Como é que isto influi na mente e na vossa atitude? Exponhamo-lo em termos
religiosos. O cristão chama aos três mundos a terra, o purgatório e o céu. O
hinduísta chama-lhes bhurloka, bhurarlóka e svarga. São exatamente os mesmos três
mundos, porque todas as religiões ensinam as mesmas verdades. Os três mundos
não estão separados, porém interpenetram-se, de modo que, se tiverdes os três
corpos em condições de atuar, podereis ver os três mundos ao mesmo tempo e
vivereis constantemente nos três, vendo e comunicando-vos com seus habitantes,
tão completamente como o fazeis no mundo físico.

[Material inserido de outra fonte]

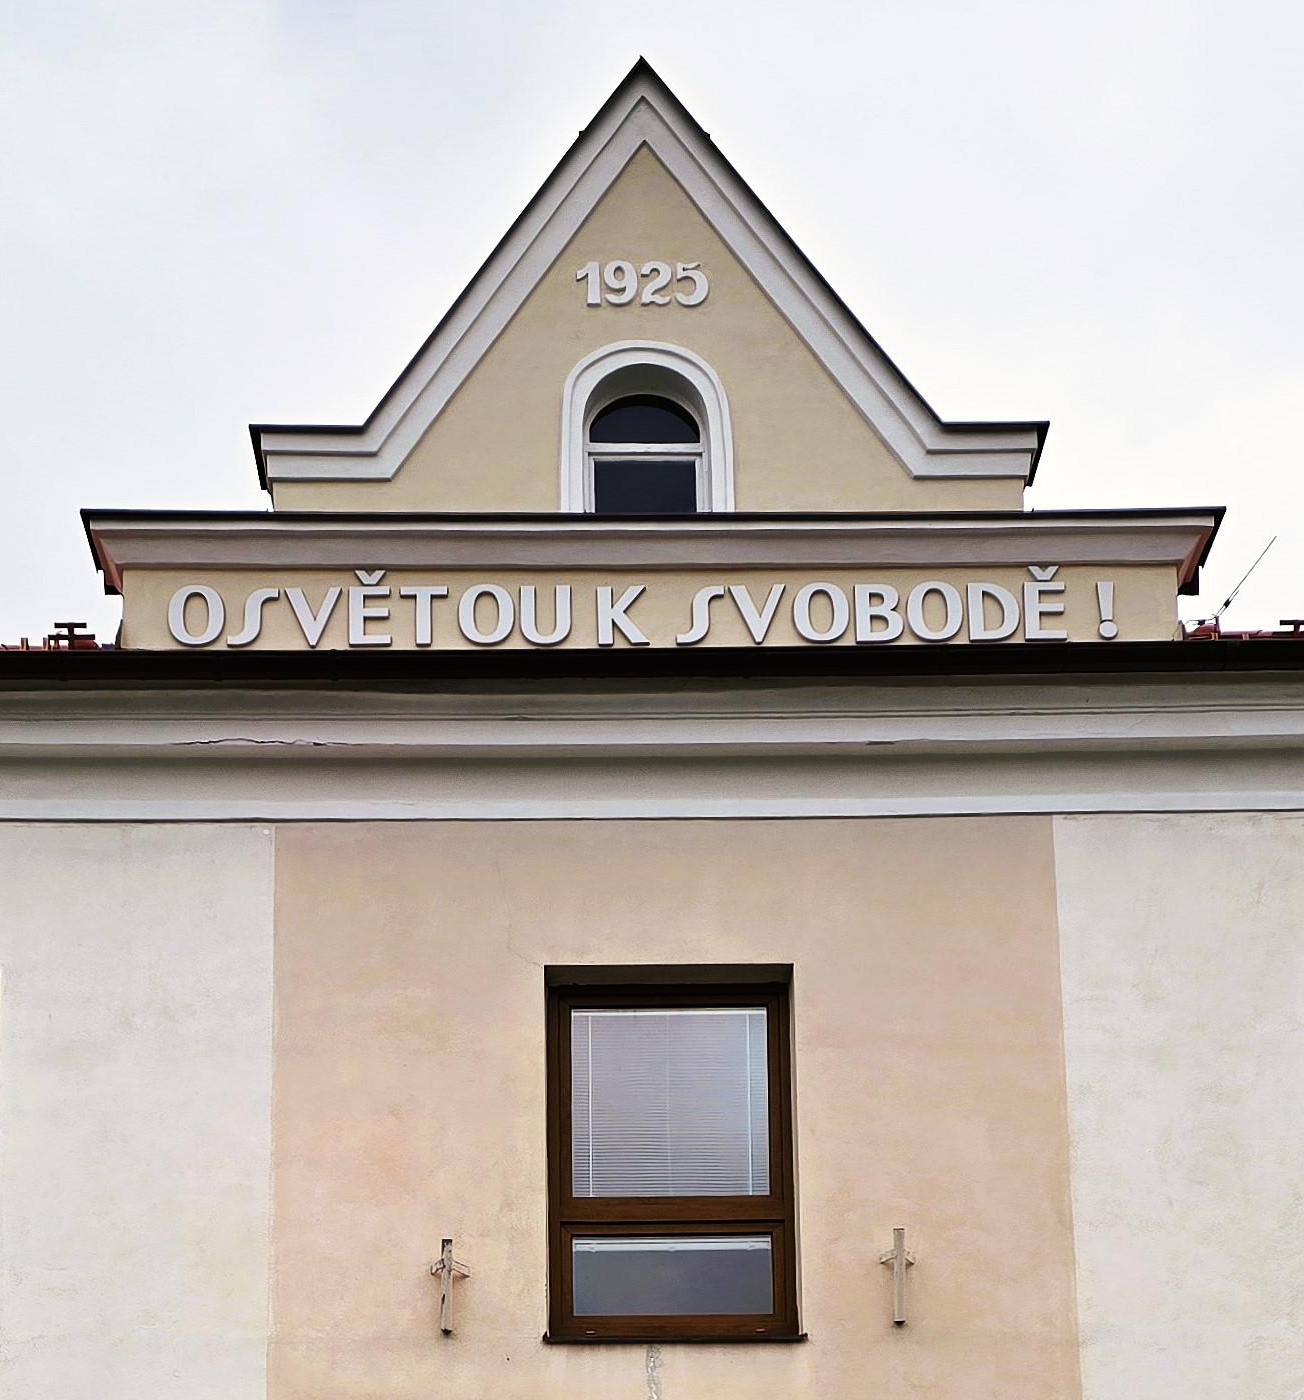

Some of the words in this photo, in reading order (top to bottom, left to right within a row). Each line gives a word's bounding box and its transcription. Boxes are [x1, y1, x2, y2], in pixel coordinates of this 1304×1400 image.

Entretanto, para ter os três
corpos em circunstâncias de atuar é necessário penoso esforço e prolongada
prática Todos os homens estarão sucessivamente nos mundos astral e mental após
a morte; porém imaginam ilusoriamente que só então estarão em os ditos mundos
e que durante a vida física estão fora deles. As religiões modernas abriram um
abismo entre os três mundos, mas tal abismo não existe porque constantemente
eles se interpenetram.
Alguns creem que a morte lhes arrebatará os seus parentes e amigos; porém
não é assim, pois estão convosco e conscientes de vossa presença, ainda que vós
não sejais conscientes da deles. Verdade é que uns e outros possuem corpo astral;
porém eles são conscientes nesse corpo e vós não o sois. Eles perderam o corpo
físico por cujo meio, antes, se comunicavam convosco e, portanto não podem
afetar-vos. Vós dizeis que os haveis perdido, porem eles não vos perderam.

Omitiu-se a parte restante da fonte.